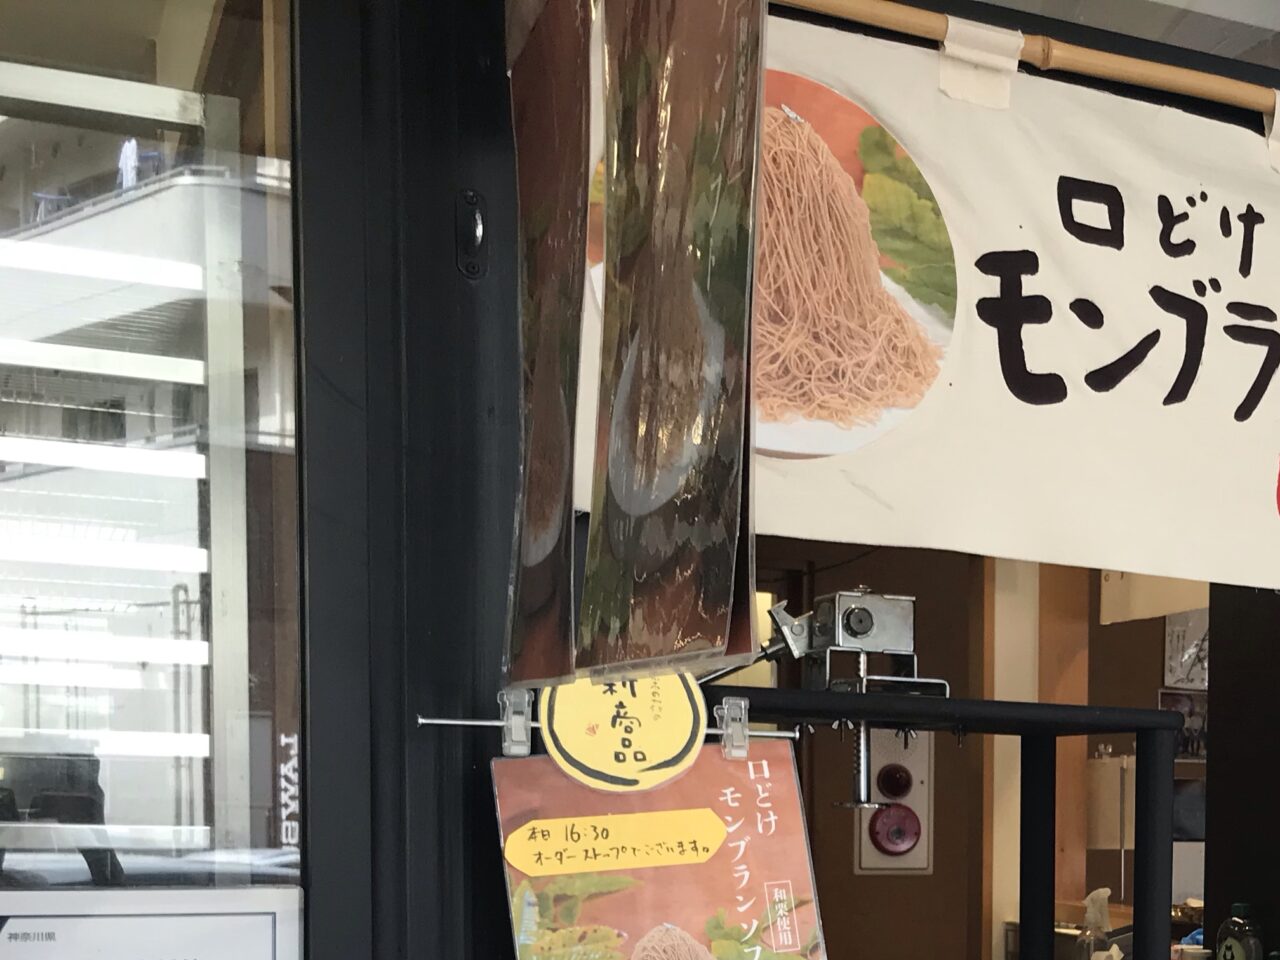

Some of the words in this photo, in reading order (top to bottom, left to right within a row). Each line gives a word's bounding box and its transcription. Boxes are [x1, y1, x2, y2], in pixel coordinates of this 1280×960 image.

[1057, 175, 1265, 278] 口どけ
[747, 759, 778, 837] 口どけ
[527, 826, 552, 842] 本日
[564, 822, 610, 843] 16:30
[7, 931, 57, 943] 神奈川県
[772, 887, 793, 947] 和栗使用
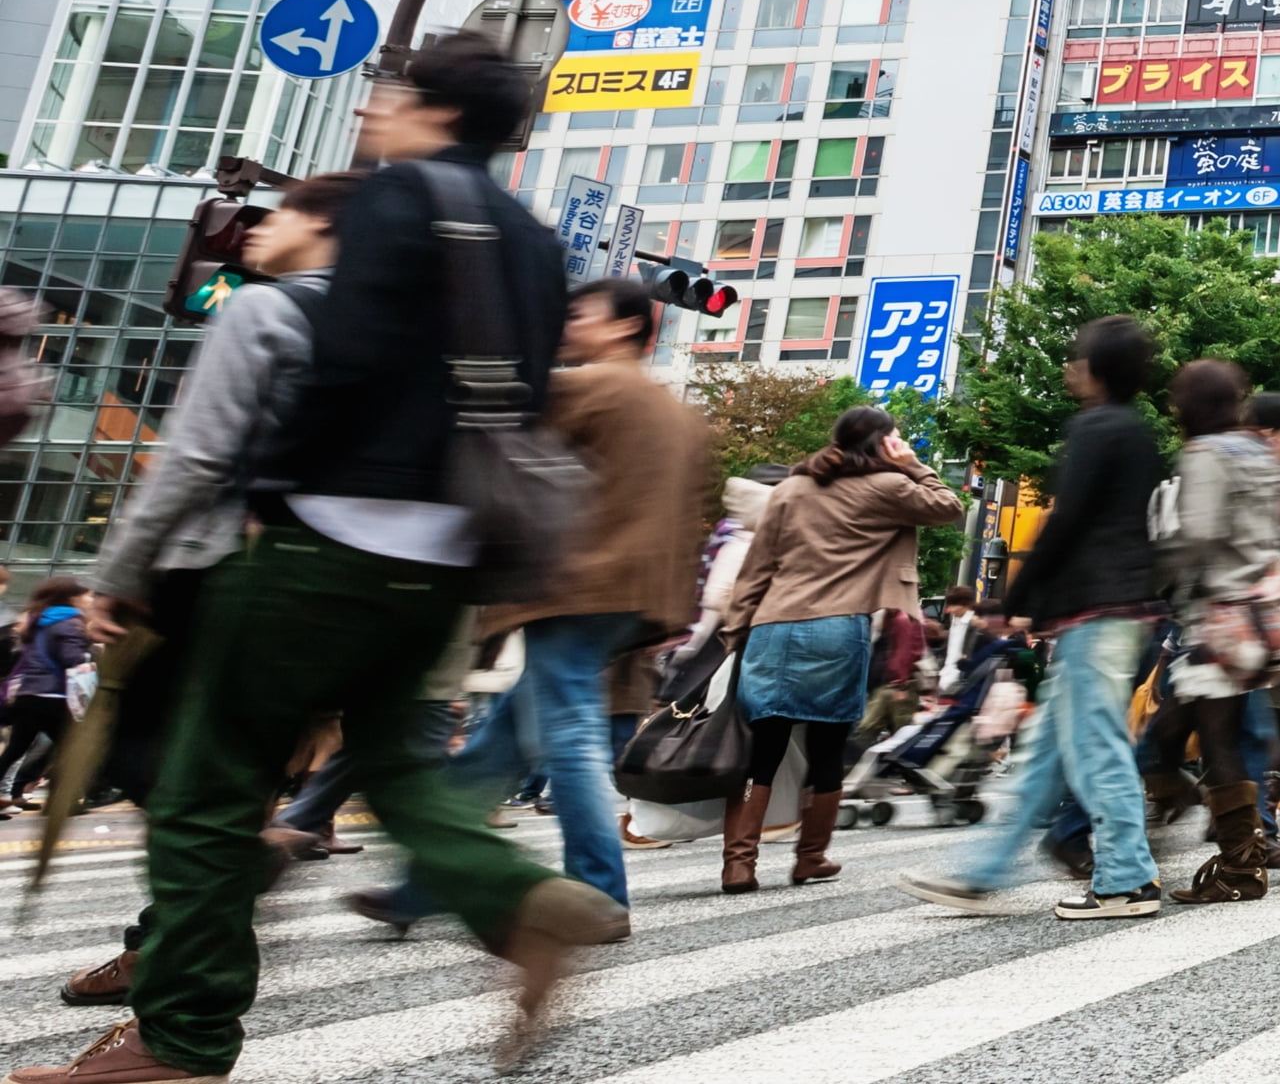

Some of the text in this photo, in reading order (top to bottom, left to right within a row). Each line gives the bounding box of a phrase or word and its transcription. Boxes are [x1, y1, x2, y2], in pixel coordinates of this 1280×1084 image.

EXERCISE DETAILS: Except for the pictures, set down each line of the records exactly as it appears.

RESULT OF THE TASK:
Some of the words in this photo, in reading order (top to bottom, left to right within a row). Each line gives a word's bounding box and its transcription. Boxes are [x1, y1, x2, y2], in pixel coordinates of this 1280×960 image.

[1057, 175, 1265, 278] 口どけ
[747, 759, 778, 837] 口どけ
[527, 826, 552, 842] 本日
[564, 822, 610, 843] 16:30
[7, 931, 57, 943] 神奈川県
[772, 887, 793, 947] 和栗使用

Some of the text in this photo, in reading order (top to bottom, left to right within a row). Each line gives the bounding box of a phrase or word and its transcription. Boxes are [x1, y1, x2, y2], in pixel coordinates of this 1280×1084 image.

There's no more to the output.